══ TASK DATA

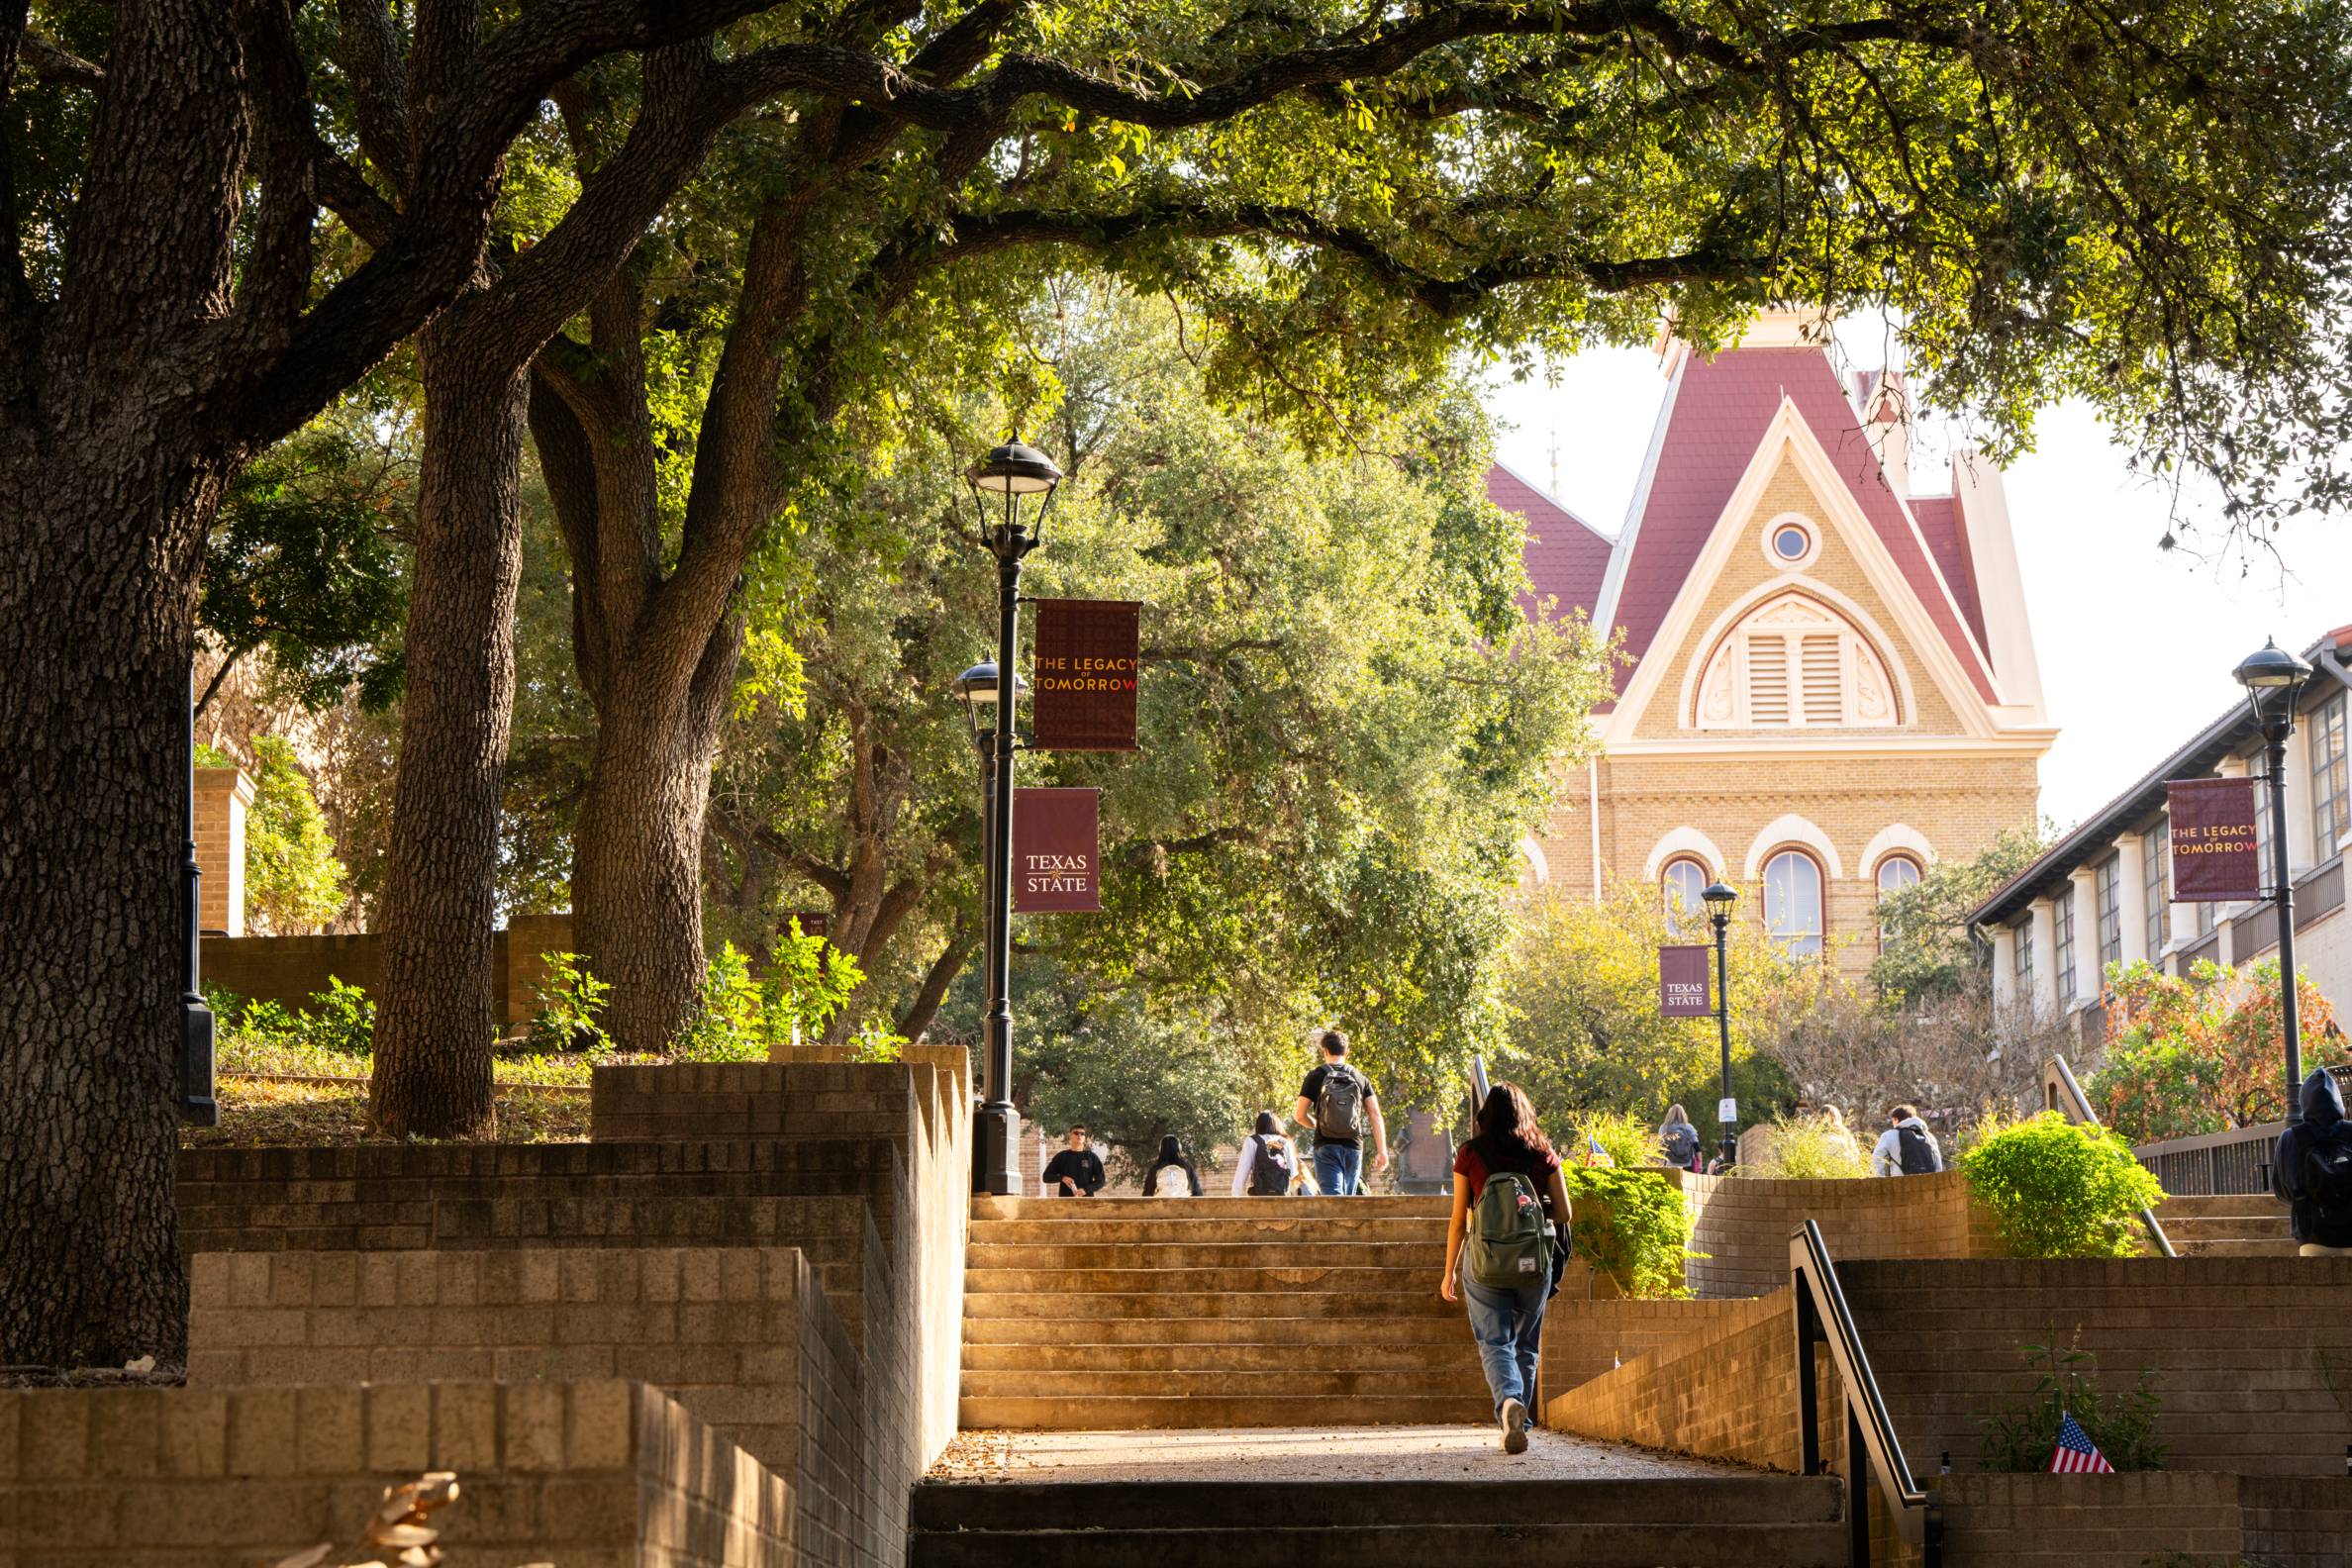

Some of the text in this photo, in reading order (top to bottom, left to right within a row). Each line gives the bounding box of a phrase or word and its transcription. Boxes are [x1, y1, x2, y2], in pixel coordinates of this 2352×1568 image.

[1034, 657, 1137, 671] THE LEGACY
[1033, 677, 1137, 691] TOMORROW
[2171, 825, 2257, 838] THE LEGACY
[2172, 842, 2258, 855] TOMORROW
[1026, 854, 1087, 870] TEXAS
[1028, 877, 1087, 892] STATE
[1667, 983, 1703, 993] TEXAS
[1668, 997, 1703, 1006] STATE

════

• **EXERCISE PROMPT**: Each record should be given again exactly, with no picture carried over.

• **ANSWER AREA**:
Some of the text in this photo, in reading order (top to bottom, left to right within a row). Each line gives the bounding box of a phrase or word and its transcription. Boxes are [x1, y1, x2, y2], in pixel coordinates of this 2352×1568 image.

[1034, 657, 1137, 671] THE LEGACY
[1033, 677, 1137, 691] TOMORROW
[2171, 825, 2257, 838] THE LEGACY
[2172, 842, 2258, 855] TOMORROW
[1026, 854, 1087, 870] TEXAS
[1028, 877, 1087, 892] STATE
[1667, 983, 1703, 993] TEXAS
[1668, 997, 1703, 1006] STATE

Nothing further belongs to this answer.